I assume we don't want to use extra storage.
So one way is this: Go over the matrix and mark the first row with a 1
and the first column with a 1 for each 1 you find. Because row and
column 1 are used for temporary storage in this manner, you must first
remember whether they contained a 1, then go ahead. With row and
column 1 holding the necessary marks, you can fill in all the rows and
columns except them. Finally you can fill in row and column 1 by
checking the saved values. It will look something like this.
row0has1 = 0;
for (j = 0; j < n; j++) if (M(0,j)) { row0has1 = 1; break; }
col0has1 = 0;
for (i = 0; i < n; i++) if (M(i,0)) { col0has1 = 1; break; }
for (i = 1; i < m; i++)
for (j = 1; j < n; j++)
if (M(i,j)) M(i,0) = M(0,j) = 1;
for (i = 1; i < m; i++)
for (j = 1; j < n; j++)
if (M(i,0) || M(0,j)) M(i, j) = 1;
if (row0has1)
for (j = 0; j < n; j++) M(0,j) = 1;
if (col0has1)
for (i = 0; i < n; i++) M(i,0) = 1;
Maybe there's a slicker way, but this is O(mn)
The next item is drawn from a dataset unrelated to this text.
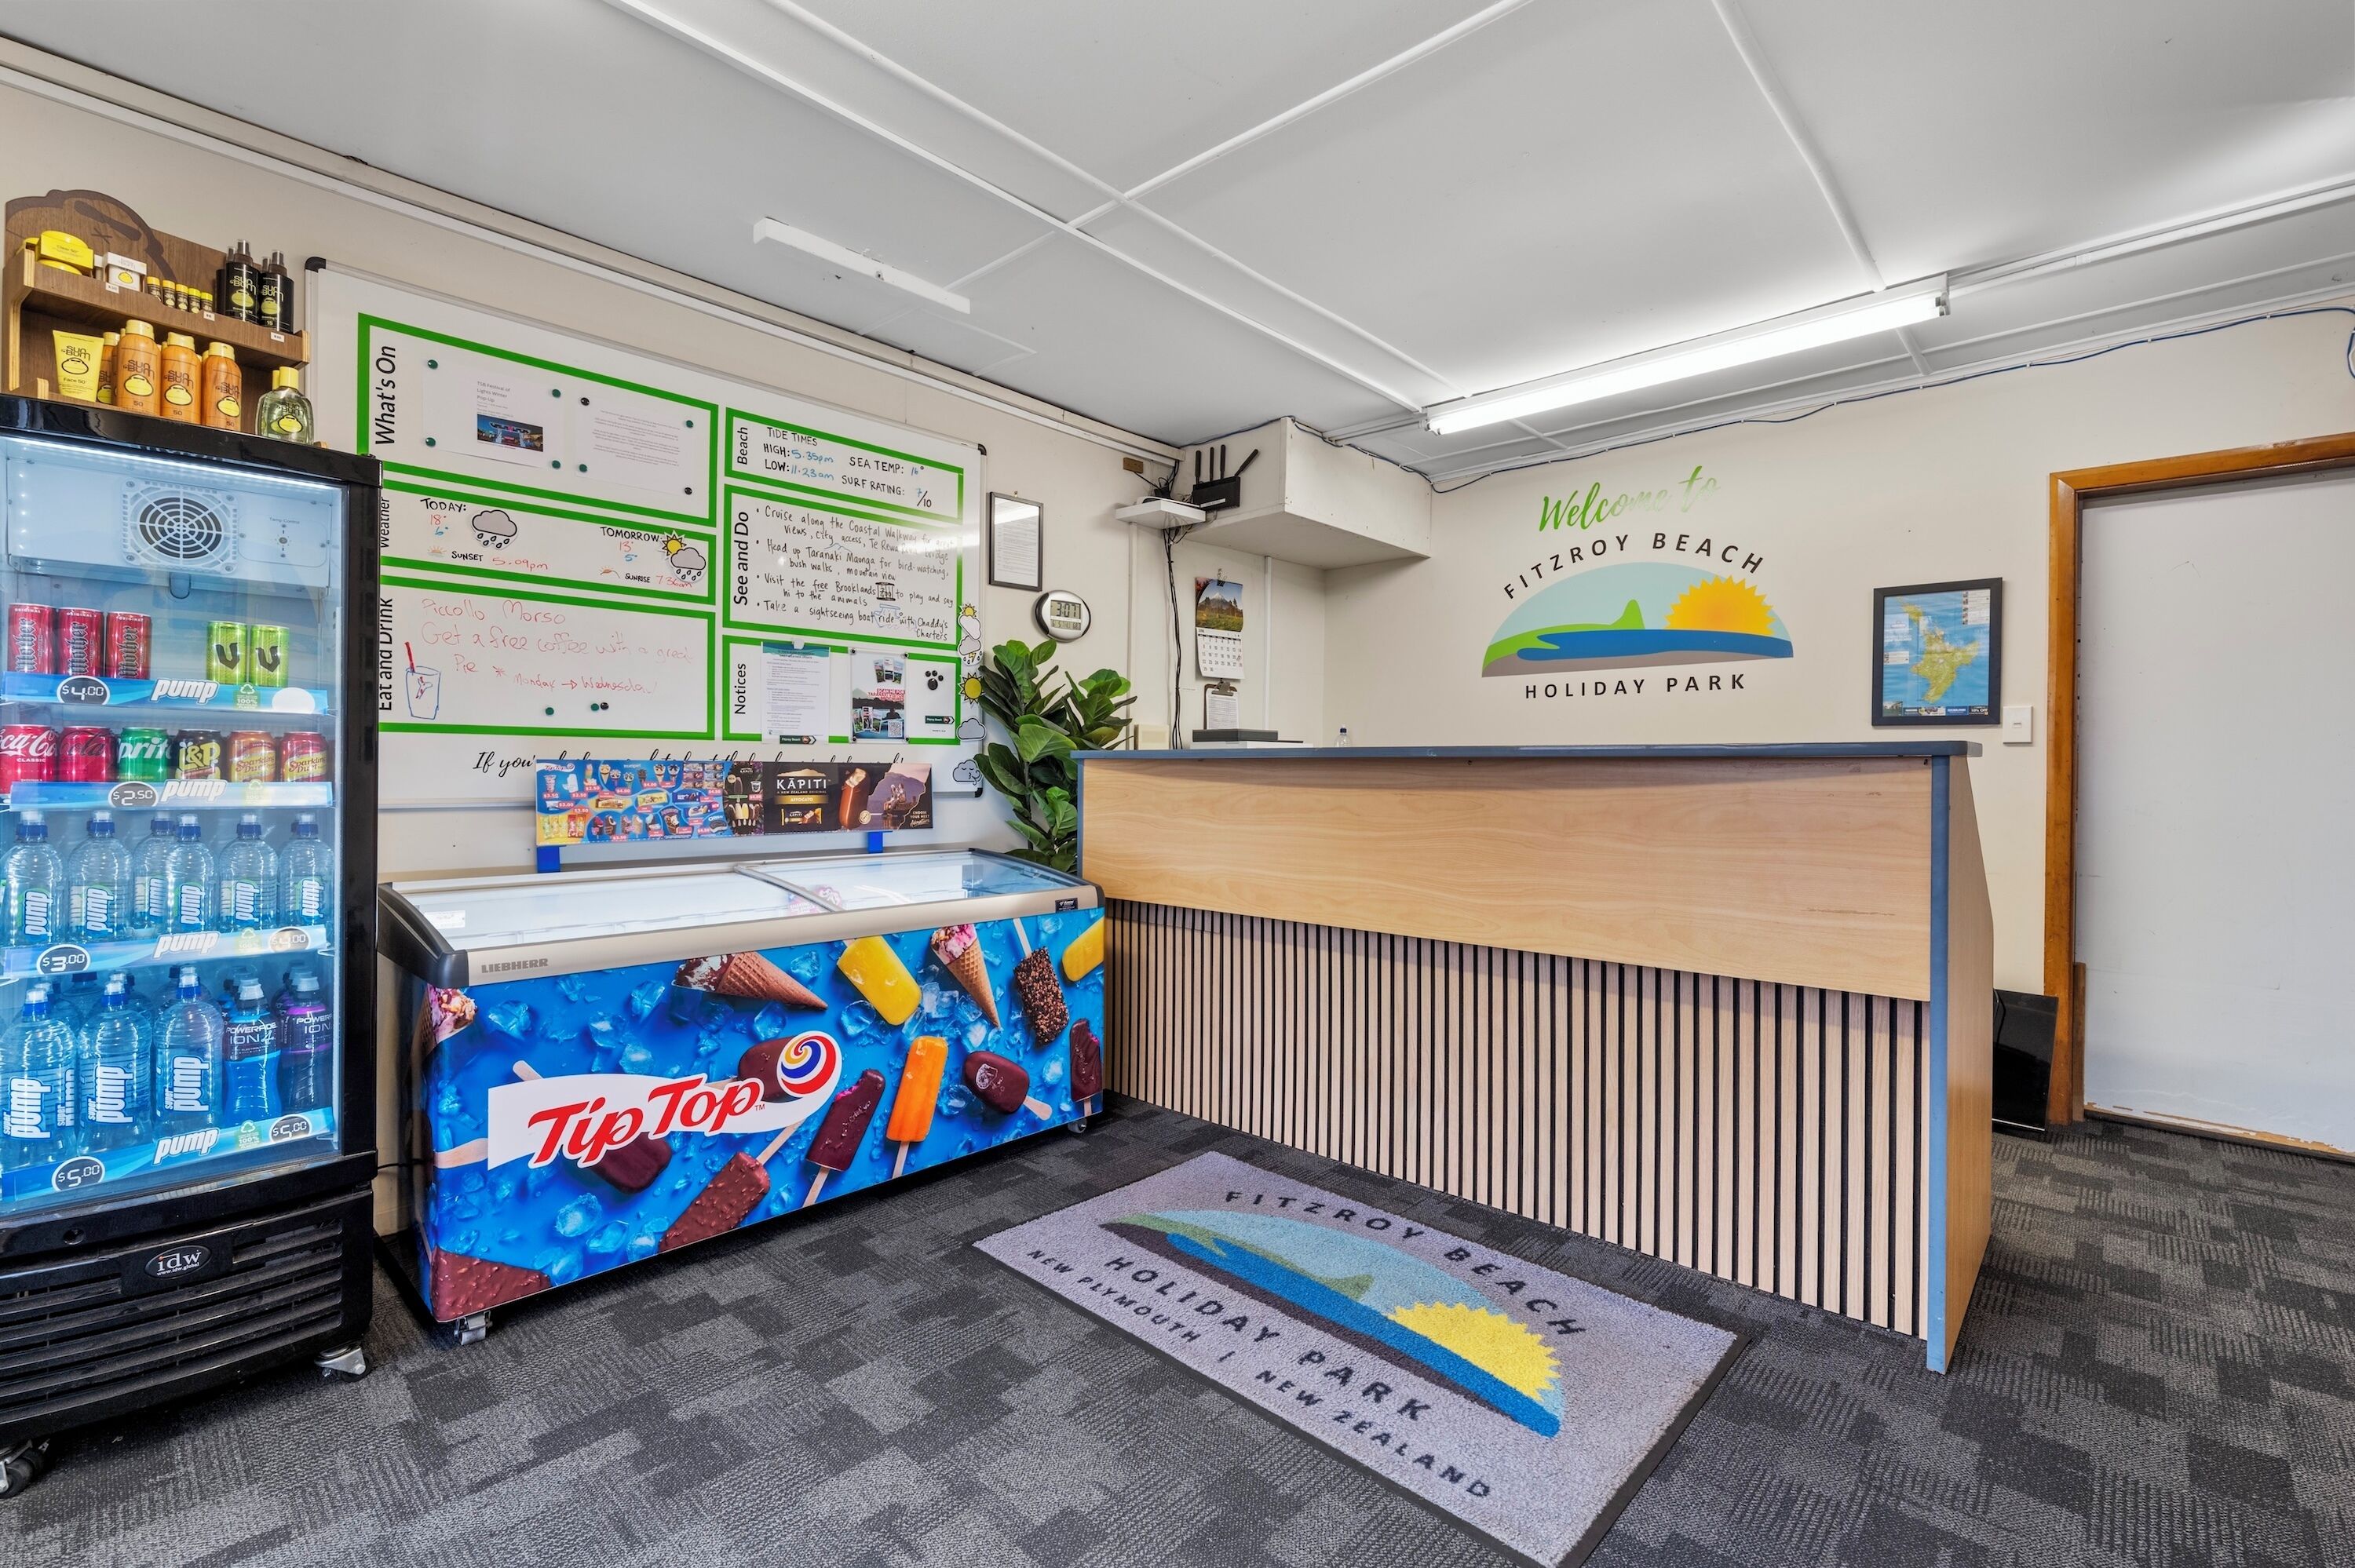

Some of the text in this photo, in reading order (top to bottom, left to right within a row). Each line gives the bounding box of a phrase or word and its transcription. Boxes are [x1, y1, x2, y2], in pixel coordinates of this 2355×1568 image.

On Sep 26, 9:46 pm, Ankur Garg <[email protected]> wrote:
> Saw this question in one of the algo communities.
>
> Amazon telephonic interview question on Matrix
> Input is a matrix of size n x m of 0's and 1's. eg:
> 1 0 0 1
> 0 0 1 0
> 0 0 0 0
>
> If a location has 1; make all the elements of that row and column = 1. eg
> 1 1 1 1
> 1 1 1 1
> 1 0 1 1
>
> Solution should be with Time complexity = O(n*m) and space complexity = O(1)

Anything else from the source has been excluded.